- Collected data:
+++++

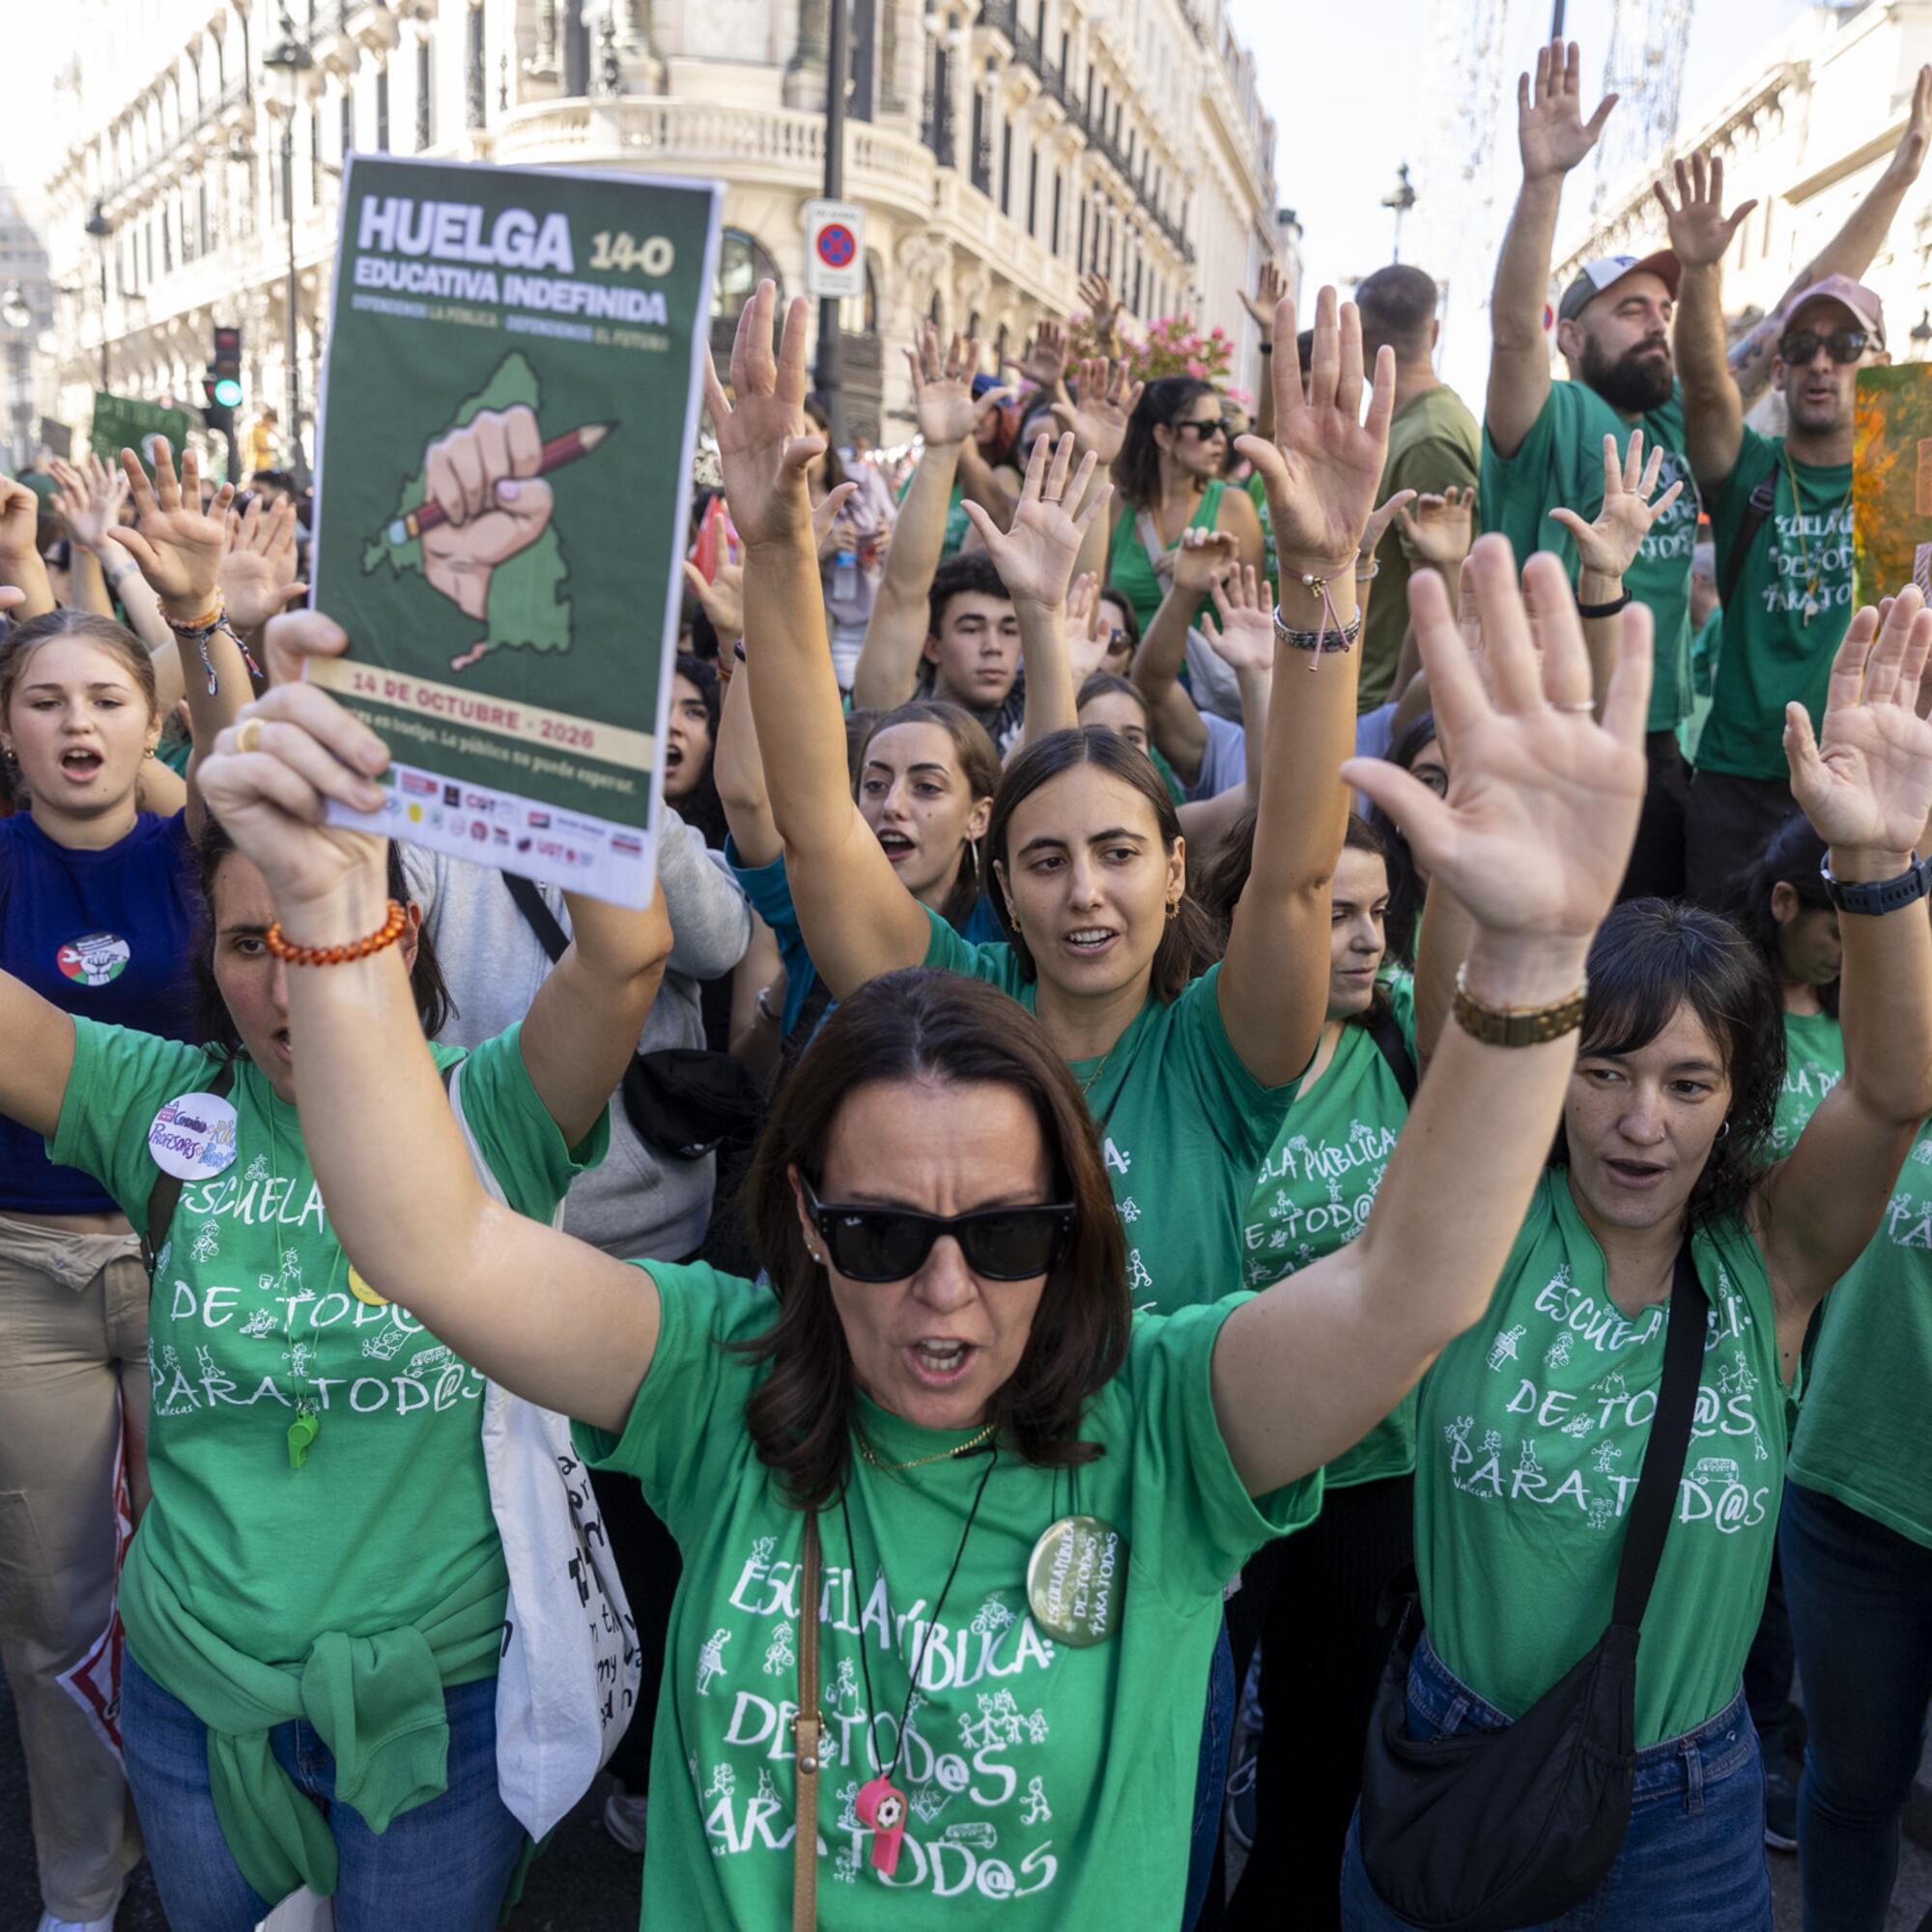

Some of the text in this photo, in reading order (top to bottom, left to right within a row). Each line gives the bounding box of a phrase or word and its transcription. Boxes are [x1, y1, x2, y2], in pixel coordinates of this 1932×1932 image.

[358, 195, 575, 273] HUELGA
[354, 256, 668, 326] EDUCATIVA INDEFINIDA
[354, 672, 377, 693] 14
[384, 679, 410, 701] DE
[416, 687, 520, 731] OCTUBRE
[541, 719, 595, 749] 2026
[171, 1280, 241, 1327] DE
[1506, 1379, 1577, 1428] DE
[1451, 1435, 1770, 1534] PARA TD@S
[724, 1690, 1017, 1805] DE TOD@S
[837, 1823, 1059, 1900] TOD@S

+++++

- What this task involves:
Write the records out once more, exactly as they appear, with no pictures.

- Solved exercise:
Some of the text in this photo, in reading order (top to bottom, left to right within a row). Each line gives the bounding box of a phrase or word and its transcription. Boxes are [x1, y1, x2, y2], in pixel coordinates of this 1932×1932 image.

[358, 195, 575, 273] HUELGA
[354, 256, 668, 326] EDUCATIVA INDEFINIDA
[354, 672, 377, 693] 14
[384, 679, 410, 701] DE
[416, 687, 520, 731] OCTUBRE
[541, 719, 595, 749] 2026
[171, 1280, 241, 1327] DE
[1506, 1379, 1577, 1428] DE
[1451, 1435, 1770, 1534] PARA TD@S
[724, 1690, 1017, 1805] DE TOD@S
[837, 1823, 1059, 1900] TOD@S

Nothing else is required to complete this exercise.